Das Thema war „Schäm Dich!“ und ich wusste sofort, dass ich darüber etwas schreiben wollte. In den letzten Wochen hatte ich viel erlebt und mir viele Gedanken durch die Arbeit mit den Kindern im Heim gemacht. Ich musste oft an meine eigene Kindheit denken und manchmal schämte ich mich auch, wenn mir die Unterschiede zwischen ihnen und mir bewusst wurden.
Die Geschichte, die ich letztendlich erzählte, handelte von einem Erlebnis in Peru, das mich sehr geprägt hat. Einige Monate lagen nun schon hinter mir, in denen ich intensive Gespräche mit Peruaner:innen geführt hatte über ihr Land, ihre Geschichte und ihre ganz besondere Kultur. Ich war inspiriert von der spirituellen Art der Peruaner:innen, über die Natur ihres Landes zu denken und als ich auf meiner Fahrt durch ein Andendorf die Ablehnung der lokalen Bevölkerung gegenüber uns im Tourist:innenzug wahrnahm, wurde mir einmal mehr bewusst, wie sich die Bewohner:innen fühlen mussten, an denen wir vorbei fuhren. Aus diesem Grund verarbeitete ich meine Gedanken zum Thema „Schäm dich!“ in einer fiktiven Geschichte über einen Jungen, der in einem dieser Andendörfer mit seiner Großmutter lebt.

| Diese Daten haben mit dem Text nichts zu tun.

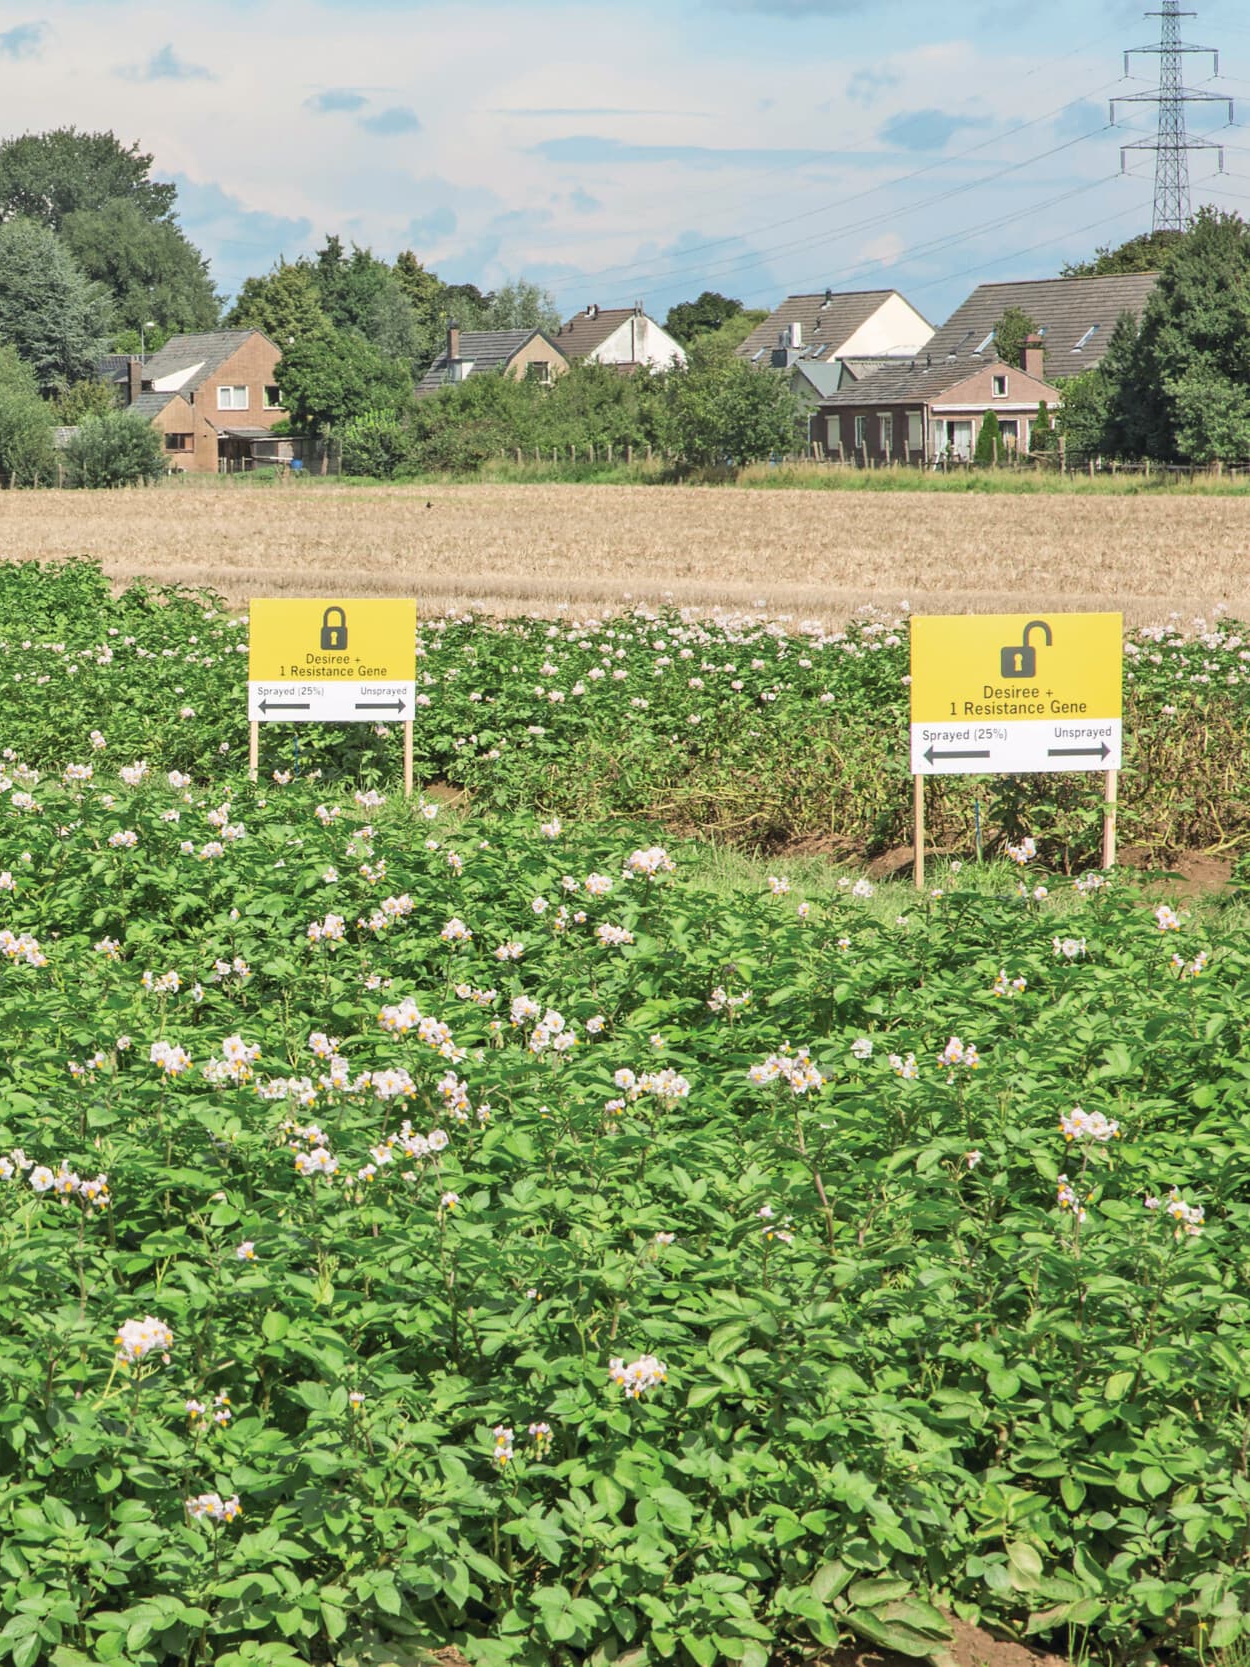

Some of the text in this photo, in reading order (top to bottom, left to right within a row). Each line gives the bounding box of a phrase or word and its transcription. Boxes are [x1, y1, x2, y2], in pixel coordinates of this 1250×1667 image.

[306, 653, 350, 664] Desiree
[280, 665, 387, 677] 1 Resistance Gene
[257, 686, 324, 696] Sprayed (25%)
[360, 686, 407, 696] Unsprayed
[983, 685, 1040, 699] Desiree
[950, 700, 1087, 715] 1 Resistance Gene
[922, 728, 1008, 742] Sprayed (25%)
[1054, 726, 1112, 739] Unsprayed

Der Tag der Preisverleihung: ein ganz besonderes Erlebnis
Noch heute erinnere ich mich gut daran, wie ich ein paar Monate später gerade frisch aus Südamerika zurück bei meinen Großeltern am Küchentisch erneut mein E-Mail-Postfach öffnete und plötzlich eine Antwort von CARE erhielt: Ich sei unter den ersten drei Gewinner:innen des Wettbewerbs! Ich konnte es kaum glauben, hatte ich doch beinahe schon vergessen, dass ich vor Monaten einen Text geschrieben hatte. Mit viel Aufregung im Gepäck reiste ich zusammen mit meiner Mutter nach Köln zur Preisverleihung im Rahmen des bekannten Literaturfestivals lit.COLOGNE.

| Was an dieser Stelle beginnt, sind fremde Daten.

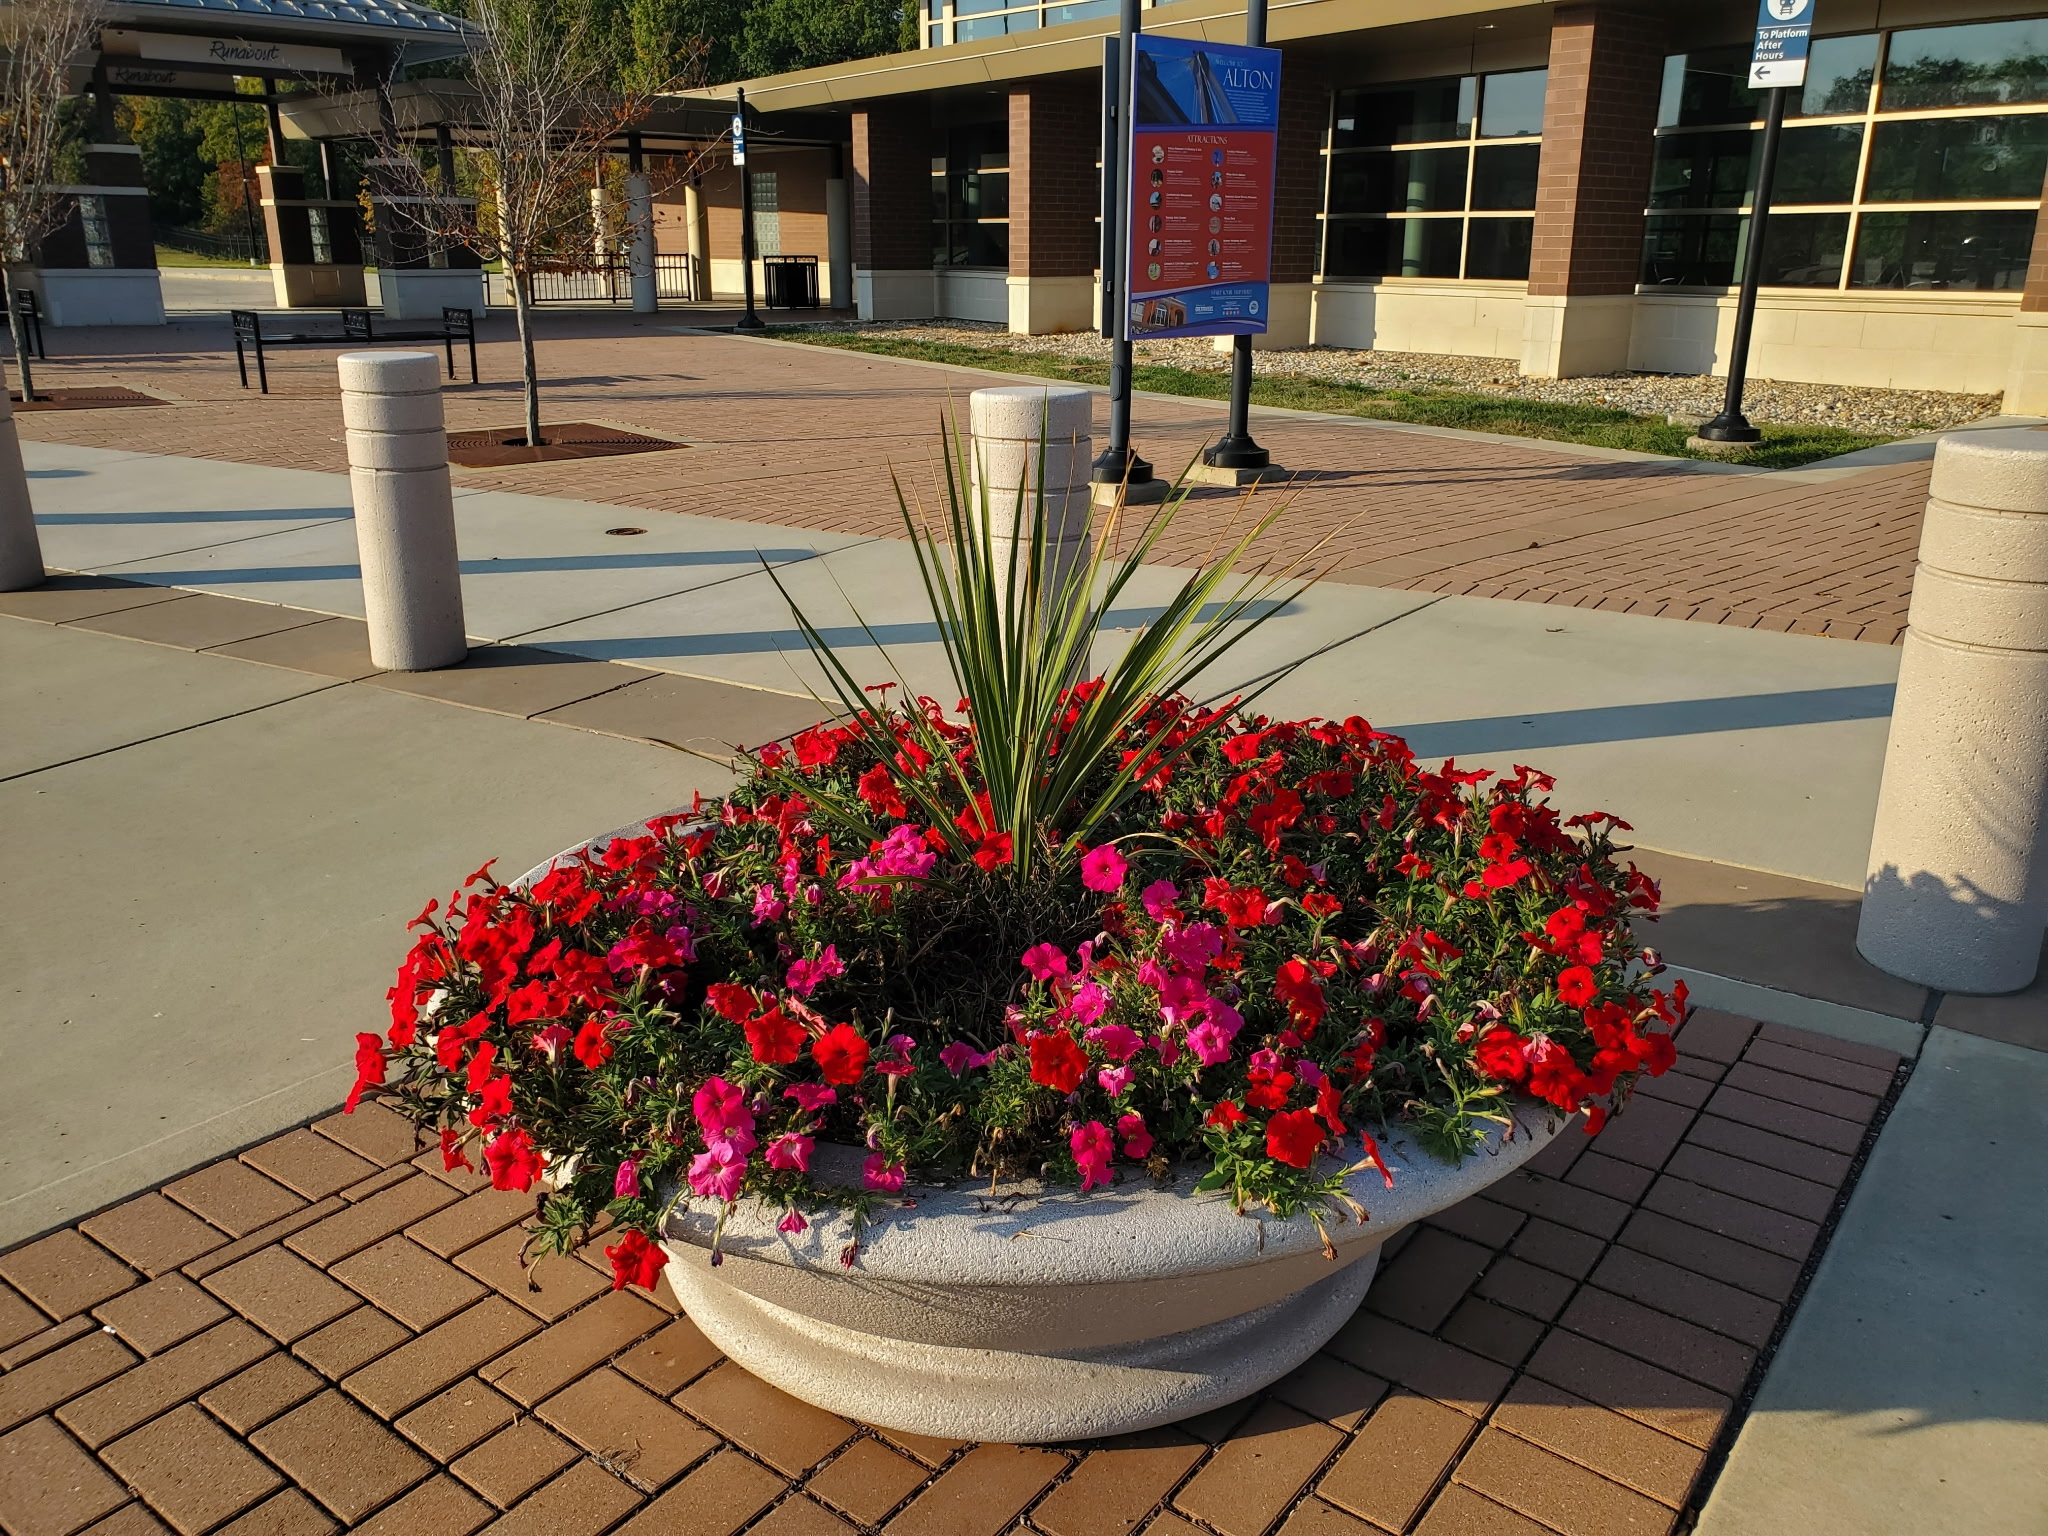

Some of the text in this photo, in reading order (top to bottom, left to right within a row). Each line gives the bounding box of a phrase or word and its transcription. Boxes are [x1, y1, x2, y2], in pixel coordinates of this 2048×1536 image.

Vor der Abendveranstaltung durften alle Preisträger:innen zusammen mit dem Poetry Slammer „Quichotte“ an einem Workshop teilnehmen, der uns darauf vorbereitete, unsere Texte mit der richtigen Stimmung vorzutragen. Beispielsweise hatte eine Teilnehmerin eine Zeile über einen verbrannten Kuchen geschrieben, weshalb „Quichotte“ sie aufforderte, sich den Geschmack des verbrannten Kuchens im Mund vorzustellen und dann den Text erneut vorzulesen.
Die Werke der anderen Teilnehmer:innen beeindruckten mich so sehr, dass ich mich gar nicht traute, bei den Übungen Zeilen aus meiner Geschichte vorzulesen. Das Thema „Schäm Dich!“ wurde von jeder*jedem Einzelnen ganz unterschiedlich zum Ausdruck gebracht. Mal in Briefform, als Gedicht oder sogar Theaterstück und selbst die Themen reichten über Transsexualität, Armut und Reichtum bis hin zu Umweltschutz (ganz viele der Geschichten könnt ihr hier nachlesen. Es lohnt sich!)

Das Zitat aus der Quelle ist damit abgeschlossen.